Auf die Revision des Angeklagten wird das Urteil des Landgerichts Koblenz vom 11. März 2022 mit den Feststellungen aufgehoben. Die Sache wird zu neuer Verhandlung und Entscheidung, auch über die Kosten des Rechtsmittels, an eine andere Strafkammer des Landgerichts zurückverwiesen.

Gründe

Das Landgericht hat den Angeklagten von den Vorwürfen des Diebstahls mit Waffen, des Diebstahls in zwei Fällen, des Erschleichens von Leistungen in zwei Fällen sowie der sexuellen Belästigung in zwei Fällen wegen Schuldunfähigkeit freigesprochen und seine Unterbringung in einem psychiatrischen Krankenhaus angeordnet. Hiergegen wendet er sich mit seiner auf die nicht ausgeführte allgemeine Sachrüge gestützten Revision. Das Rechtsmittel hat Erfolg.

1. Die Anordnung der Maßregel nach § 63 StGB hält sachlichrechtlicher Nachprüfung nicht stand.

a) Die grundsätzlich unbefristete Unterbringung in einem psychiatrischen Krankenhaus gemäß § 63 StGB ist eine außerordentlich belastende Maßnahme, die einen besonders gravierenden Eingriff in die Rechte des Betroffenen darstellt.

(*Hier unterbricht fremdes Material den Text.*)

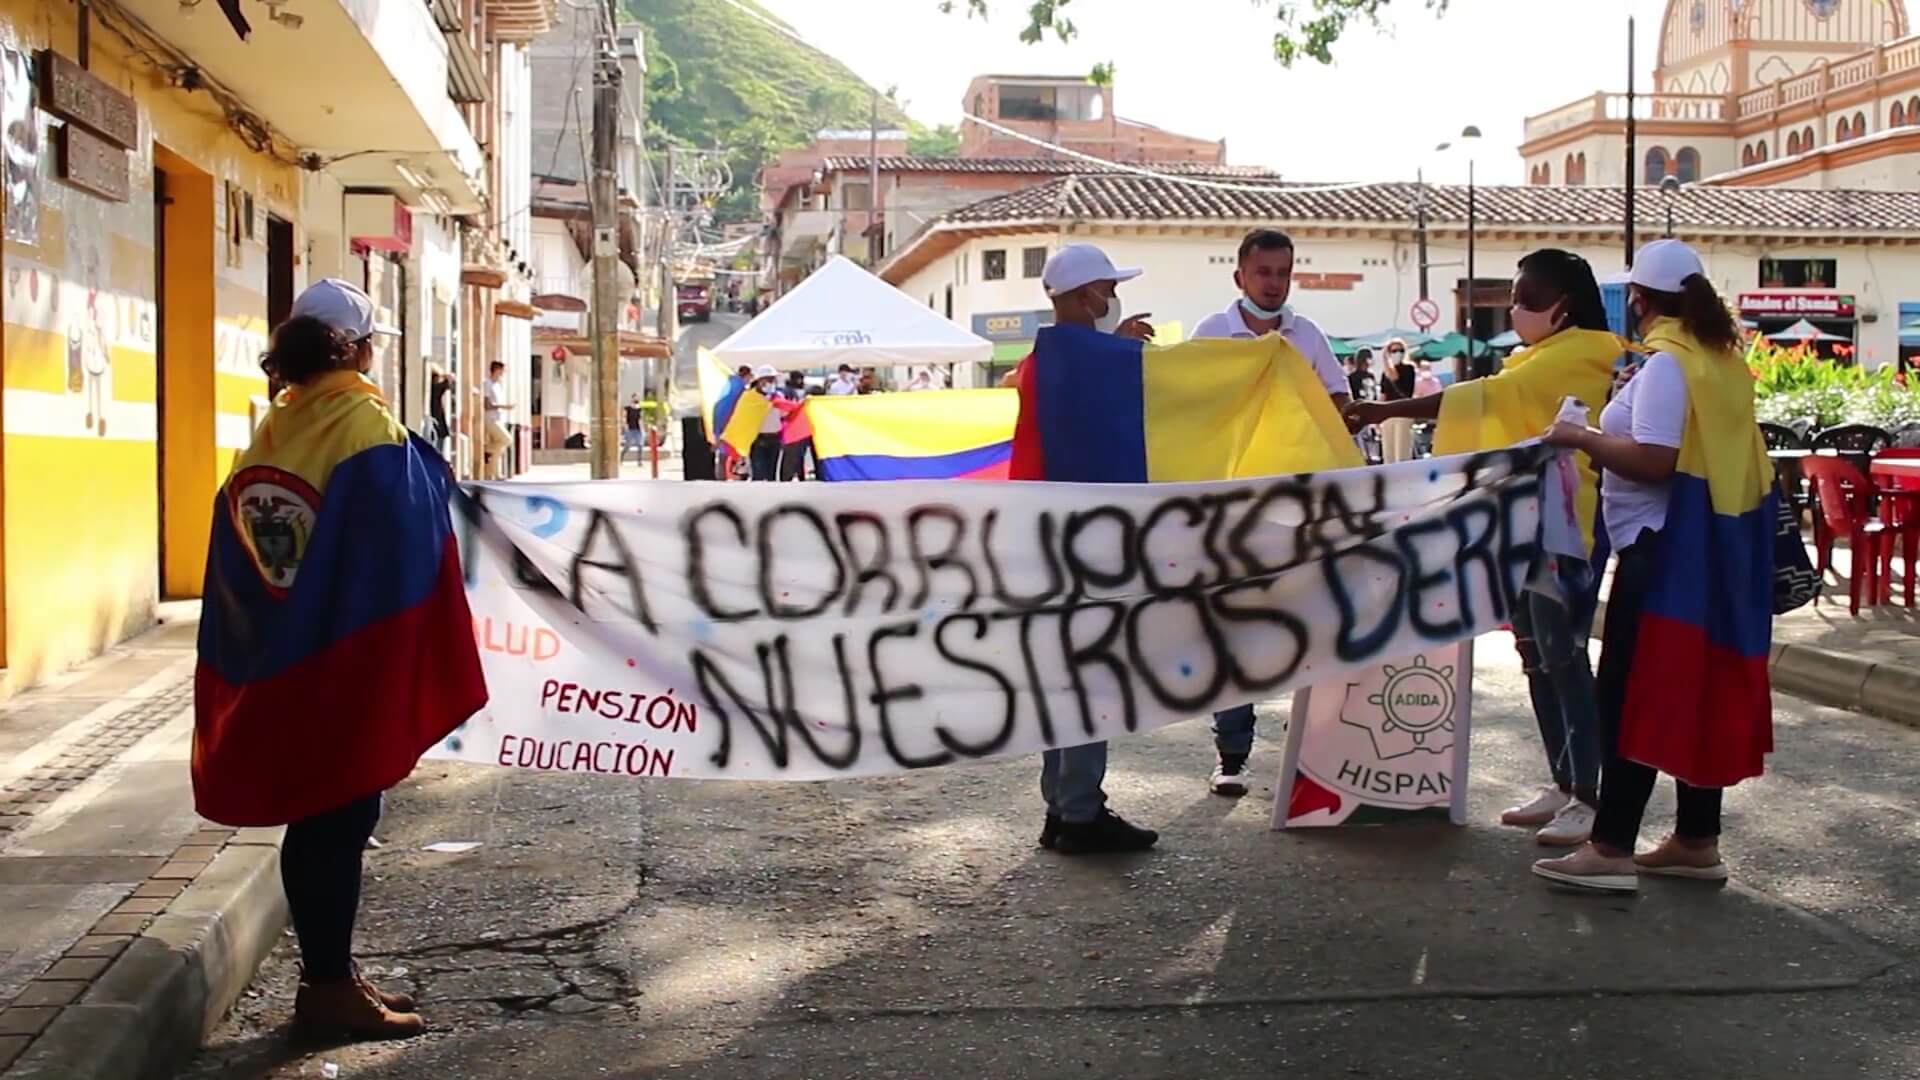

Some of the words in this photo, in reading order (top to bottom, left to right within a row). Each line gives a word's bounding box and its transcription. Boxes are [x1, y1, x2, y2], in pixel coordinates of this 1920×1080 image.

[690, 577, 1310, 770] NUESTROS
[540, 678, 697, 734] PENSIÓN
[1395, 693, 1441, 708] ADIDA
[498, 734, 675, 777] EDUCACIÓN

Sie darf daher nur dann angeordnet werden, wenn zweifelsfrei feststeht, dass der Unterzubringende bei der Begehung der Anlasstat(en) aufgrund eines psychischen Defekts schuldunfähig oder vermindert schuldfähig war und die Tatbegehung hierauf beruht. Daneben muss eine Wahrscheinlichkeit höheren Grades bestehen, der Täter werde infolge seines fortdauernden Zustands in Zukunft erhebliche rechtswidrige Taten begehen; die zu erwartenden Taten müssen schwere Störungen des Rechtsfriedens besorgen lassen. Die erforderliche Prognose ist auf der Grundlage einer umfassenden Würdigung der Persönlichkeit des Täters, seines Vorlebens und der von ihm begangenen Anlasstat(en) zu entwickeln. Neben der sorgfältigen Prüfung dieser Anordnungsvoraussetzungen ist das Tatgericht auch verpflichtet, die wesentlichen Umstände in den Urteilsgründen so umfassend darzustellen, dass das Revisionsgericht in die Lage versetzt wird, die Entscheidung nachzuvollziehen (st. Rspr.; vgl. etwa BGH, Beschlüsse vom 26. September 2019 - 4 StR 24/19, NStZ-RR 2020, 9, 10; vom 10. November 2015 - 3 StR 407/15, NStZ 2016, 144 f., jeweils mwN).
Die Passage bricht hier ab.